En revendiquant leur place de leaders mondiaux de l’information privée à la fin des années 1990, les États-Unis abattent leur jeu en matière d’information dominance. En Europe, cette revendication intempestive suscite une prise de conscience tardive de la nécessité de préserver des technologies dites de souveraineté. Mais ne s’agit-il pas déjà de batailles d’arrière-garde ? Face à une stratégie d’accroissement de puissance, la quête de l’autonomie décisionnelle est bien illusoire lorsque l’on a perdu le contrôle d’une partie de la société de l’information. L’Europe est notamment à la remorque des États-Unis dans les domaines clés de l’Internet, des technologies de l’information et de l’industrie du logiciel. De l’avis de collaborateurs européens qui travaillent dans les multinationales américaines spécialisées dans les technologies de l’information, les experts étatiques ont de plus en plus de difficultés à tenter d’éventuelles manœuvres de pénétration des systèmes nationaux du Vieux Continent à travers leur offre de produits et de services.

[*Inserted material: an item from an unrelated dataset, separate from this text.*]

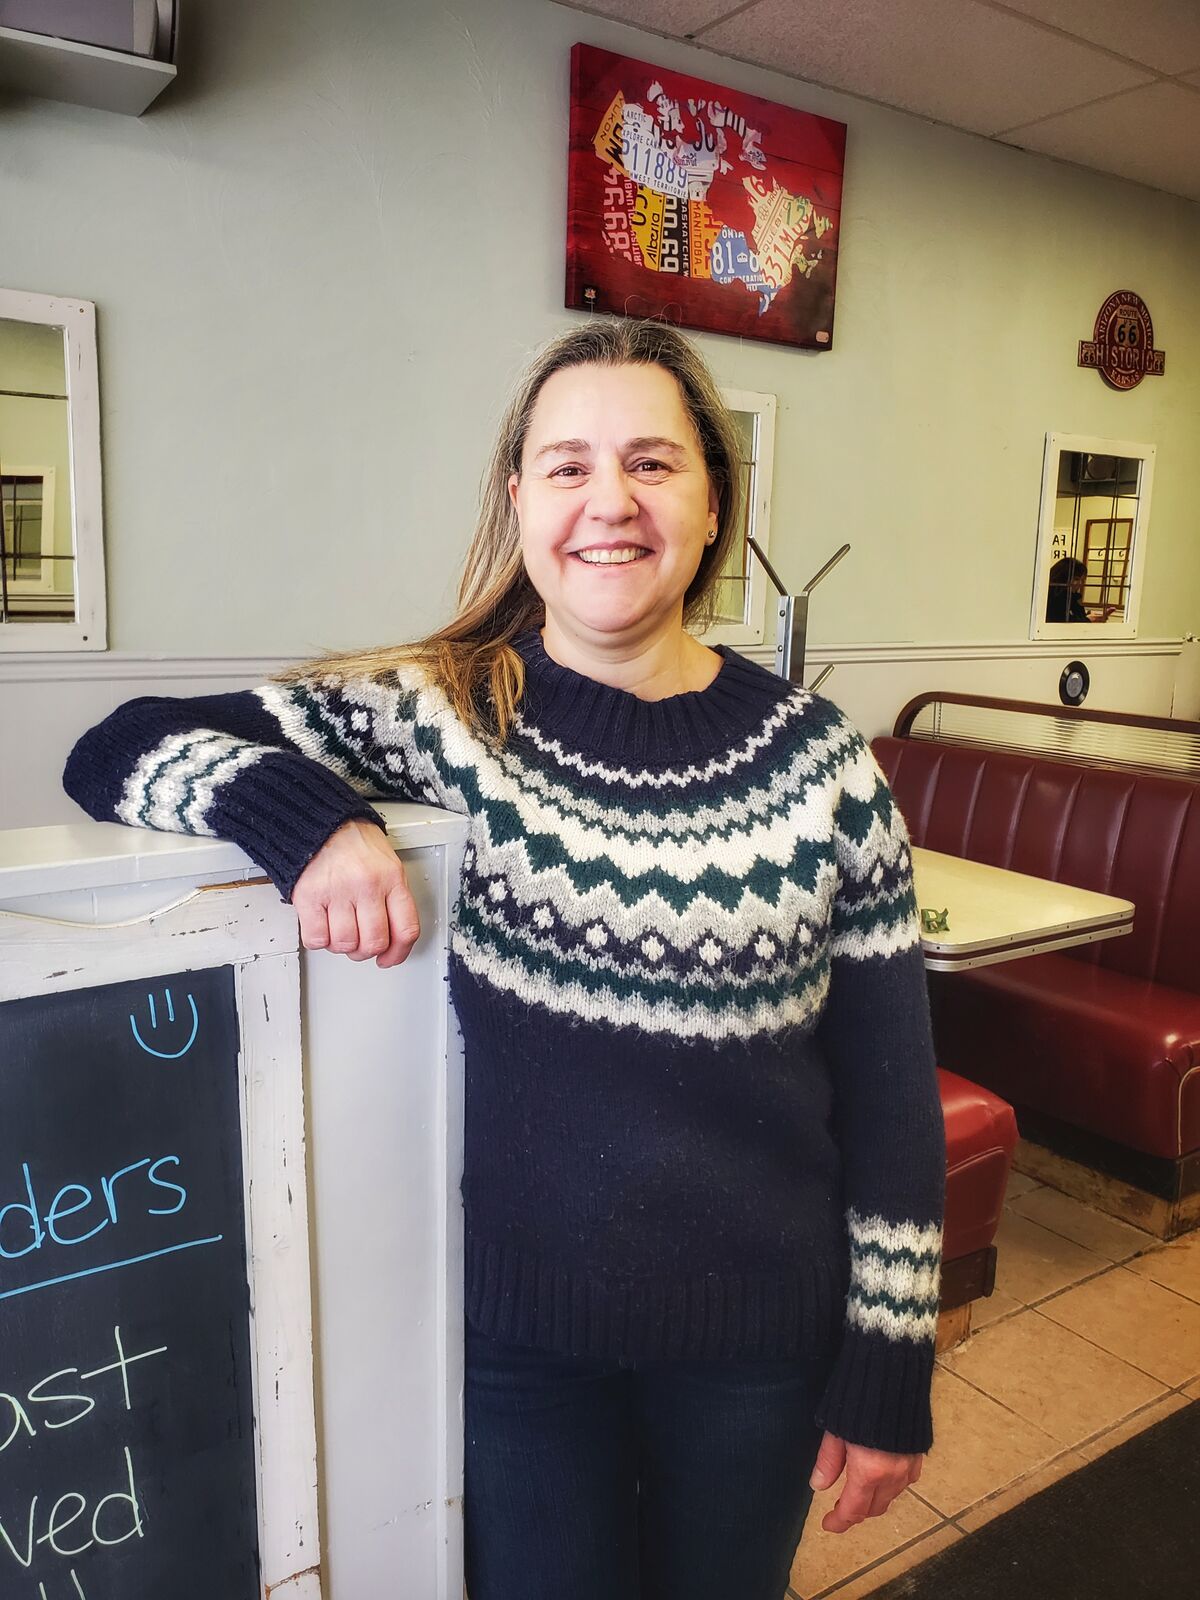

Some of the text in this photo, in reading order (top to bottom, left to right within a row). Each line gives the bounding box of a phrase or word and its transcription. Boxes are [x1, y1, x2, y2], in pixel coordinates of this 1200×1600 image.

LA PROBLÉMATIQUE DE L’ACCROISSEMENT DE PUISSANCE
Le rapport allié/adversaire implique une relecture attentive du concept de puissance[5]. Celui-ci est à l’origine de nouvelles formes de domination plus insidieuses et moins conflictuelles que la domination militaire ou la conquête territoriale. La volonté de suprématie et donc de créer une dépendance du reste du monde envers soi peut se réaliser par des moyens coopératifs ou compétitifs. Un certain nombre d’offensives orchestrées dans le champ économique n’est plus revendiqué depuis longtemps : encerclement de marchés par les normes comptables, noyautage des appels d’offres par les stratégies d’influence, déstabilisation des acteurs économiques par dénigrement, entrisme financier par des fonds d’investissement, etc. En revanche, il est regrettable que la majorité des acteurs des nations dominées n’aient pas conscience de la banalisation de ces pratiques.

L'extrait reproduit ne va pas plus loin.